Deshaun Watson came out of the tunnel at NRG Stadium in Houston – in uniform for a regular season game for the first time in 700 days – and stopped near the corner of the end zone. He looked down at the navy blue paint on his feet, cracked his neck, made the sign of the cross, looked up and pointed at the sky, beat his chest twice and moved up the side of the Brown.
By then the boos were raining down – before a big cheer came, coming from the few in the stands, the sound went out. It was a little less than an hour before kickoff.
Watson continued up the field towards center Hjalte Froholdt, shaking hands with his teammate. As he prepared to take a leap, he saw the owners of both teams 10 yards away. So he swung over to give his old boss, Houston’s Cal McNair, a handshake and a half-hug, while nodding and acknowledging his current manager, Cleveland’s Jimmy Haslam, and retreating back to Froholdt for a warm-up up.
But the most remarkable thing, and perhaps symbolic of this strange Sunday, was what happened just to the left of Haslam. MacNeil’s wife, Hannah, stood. She was wearing purple cleats, part of the NFL’s My Cause My Cleats campaign, which featured the logos of the Houston Area Women’s Center, a facility that serves local victims of sexual and domestic violence. She also wore a purple dress, as a sign of solidarity with those women.

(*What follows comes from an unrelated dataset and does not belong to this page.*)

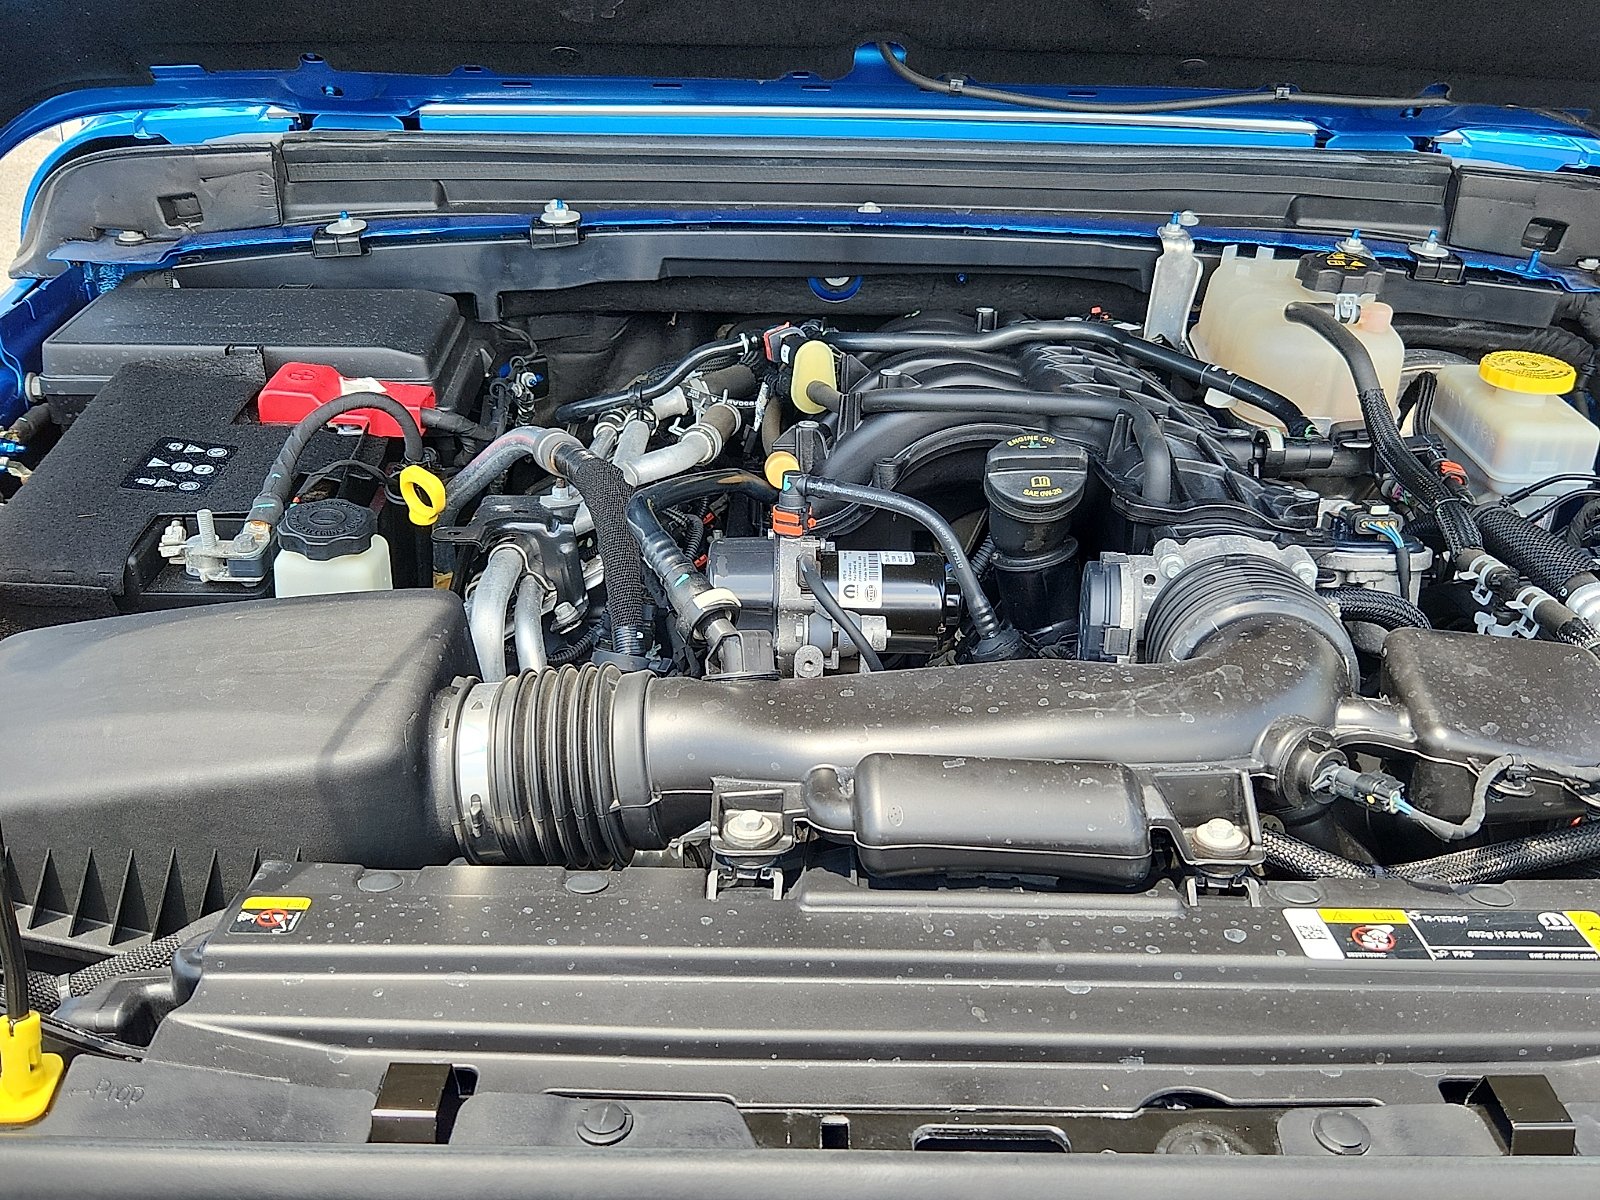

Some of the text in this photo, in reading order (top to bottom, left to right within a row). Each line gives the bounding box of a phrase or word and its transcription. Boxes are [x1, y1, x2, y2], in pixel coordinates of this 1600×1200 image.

[1007, 435, 1056, 447] ENGINE OIL
[1022, 487, 1063, 498] SAE 0W-20
[91, 1078, 145, 1110] Prop

As Watson approached her husband, she subtly turned back on the back quarter. My understanding is that it was not an accident.
When I later asked the McNairs about Watson, both politely declined to comment. But Hannah had made a point. She delivered the vision that will stick with me the most from the afternoon when the disgraced star, accused by more than two dozen women of sexual harassment and assault, and serving an 11-game suspension, returned to the NFL.
Some in attendance at the half-empty stadium tried to make a point, as did Hannah McNair. Others, from Houston and Cleveland, came to show support for Watson, believing that with the legal process complete, he should be able to move on. Many others, it seemed, were just for a football game, and not a morality play. And Watson was there to play football.
How did it play? Well, he and the Browns got out of here with a 27-14 win. But that’s just a small part of a complicated story that unfolded Sunday in Houston.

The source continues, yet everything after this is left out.